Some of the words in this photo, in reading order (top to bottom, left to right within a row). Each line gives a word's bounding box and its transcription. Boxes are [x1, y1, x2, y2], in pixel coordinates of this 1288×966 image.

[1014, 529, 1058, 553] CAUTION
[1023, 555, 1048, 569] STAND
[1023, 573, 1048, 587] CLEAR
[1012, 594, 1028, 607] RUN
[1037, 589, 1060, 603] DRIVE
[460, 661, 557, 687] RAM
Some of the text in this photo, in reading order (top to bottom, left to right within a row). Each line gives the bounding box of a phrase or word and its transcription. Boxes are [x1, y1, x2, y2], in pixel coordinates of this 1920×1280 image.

--

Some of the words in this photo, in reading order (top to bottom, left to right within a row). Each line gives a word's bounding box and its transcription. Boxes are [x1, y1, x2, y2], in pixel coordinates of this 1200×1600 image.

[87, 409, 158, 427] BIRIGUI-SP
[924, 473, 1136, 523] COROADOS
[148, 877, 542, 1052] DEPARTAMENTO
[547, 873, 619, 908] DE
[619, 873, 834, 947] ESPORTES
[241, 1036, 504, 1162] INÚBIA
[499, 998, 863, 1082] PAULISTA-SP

==

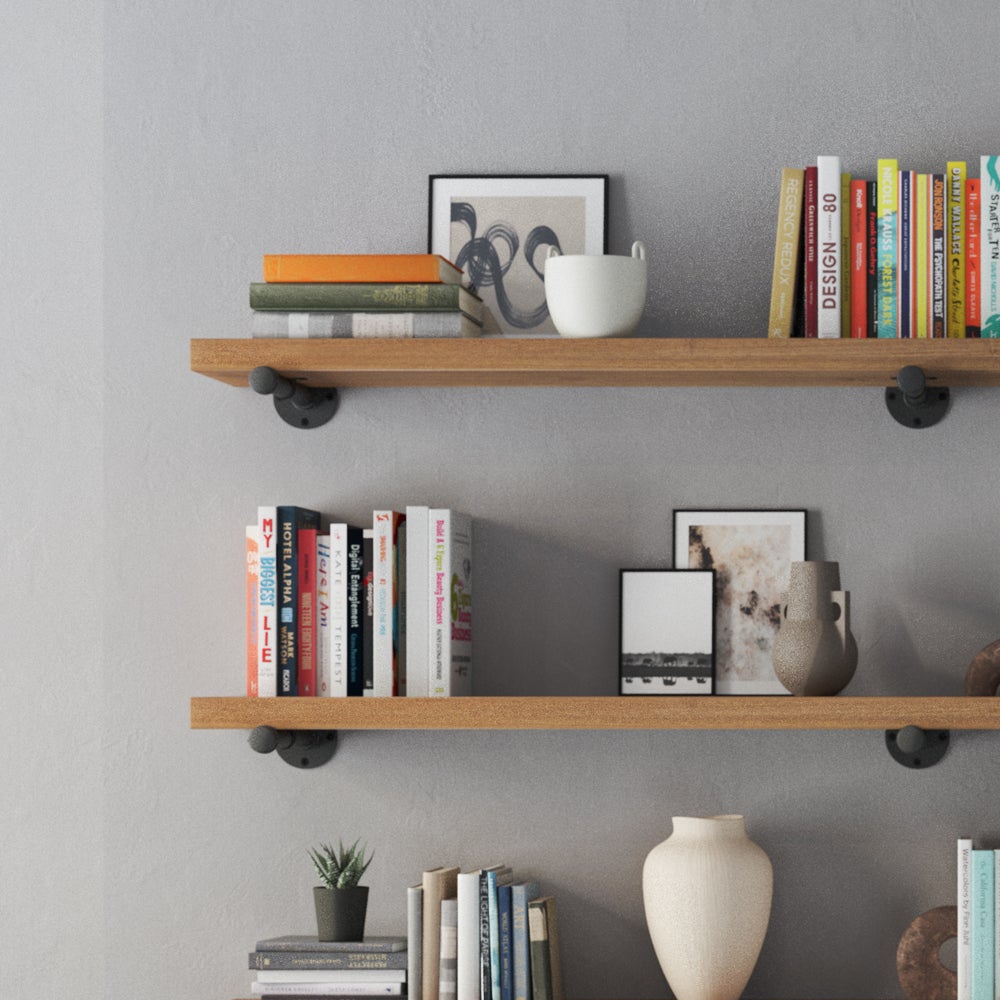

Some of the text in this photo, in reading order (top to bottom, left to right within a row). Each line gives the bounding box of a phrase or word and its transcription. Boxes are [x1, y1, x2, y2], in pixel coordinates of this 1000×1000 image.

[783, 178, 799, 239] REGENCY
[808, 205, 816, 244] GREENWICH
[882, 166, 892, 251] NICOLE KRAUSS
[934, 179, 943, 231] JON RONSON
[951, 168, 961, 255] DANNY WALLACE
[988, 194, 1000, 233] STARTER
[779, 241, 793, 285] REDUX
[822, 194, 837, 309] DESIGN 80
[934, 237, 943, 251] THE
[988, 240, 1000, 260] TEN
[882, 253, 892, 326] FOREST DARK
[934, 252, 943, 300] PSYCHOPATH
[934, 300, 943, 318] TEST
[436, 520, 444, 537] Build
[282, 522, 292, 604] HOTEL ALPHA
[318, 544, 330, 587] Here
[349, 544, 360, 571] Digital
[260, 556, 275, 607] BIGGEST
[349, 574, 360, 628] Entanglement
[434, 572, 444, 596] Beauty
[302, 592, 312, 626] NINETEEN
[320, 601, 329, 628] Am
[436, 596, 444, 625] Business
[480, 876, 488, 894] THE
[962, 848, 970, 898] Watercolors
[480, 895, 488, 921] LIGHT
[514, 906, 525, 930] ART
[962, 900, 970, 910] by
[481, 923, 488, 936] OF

> **Aim of the exercise**
Everything above from the line containing "this 1288×966 image." down to the line containing "this 1920×1280 image." is to be transcribed exactly, with both of those lines included and nothing else added.

> **Written response**
Some of the words in this photo, in reading order (top to bottom, left to right within a row). Each line gives a word's bounding box and its transcription. Boxes are [x1, y1, x2, y2], in pixel coordinates of this 1288×966 image.

[1014, 529, 1058, 553] CAUTION
[1023, 555, 1048, 569] STAND
[1023, 573, 1048, 587] CLEAR
[1012, 594, 1028, 607] RUN
[1037, 589, 1060, 603] DRIVE
[460, 661, 557, 687] RAM
Some of the text in this photo, in reading order (top to bottom, left to right within a row). Each line gives the bounding box of a phrase or word and its transcription. Boxes are [x1, y1, x2, y2], in pixel coordinates of this 1920×1280 image.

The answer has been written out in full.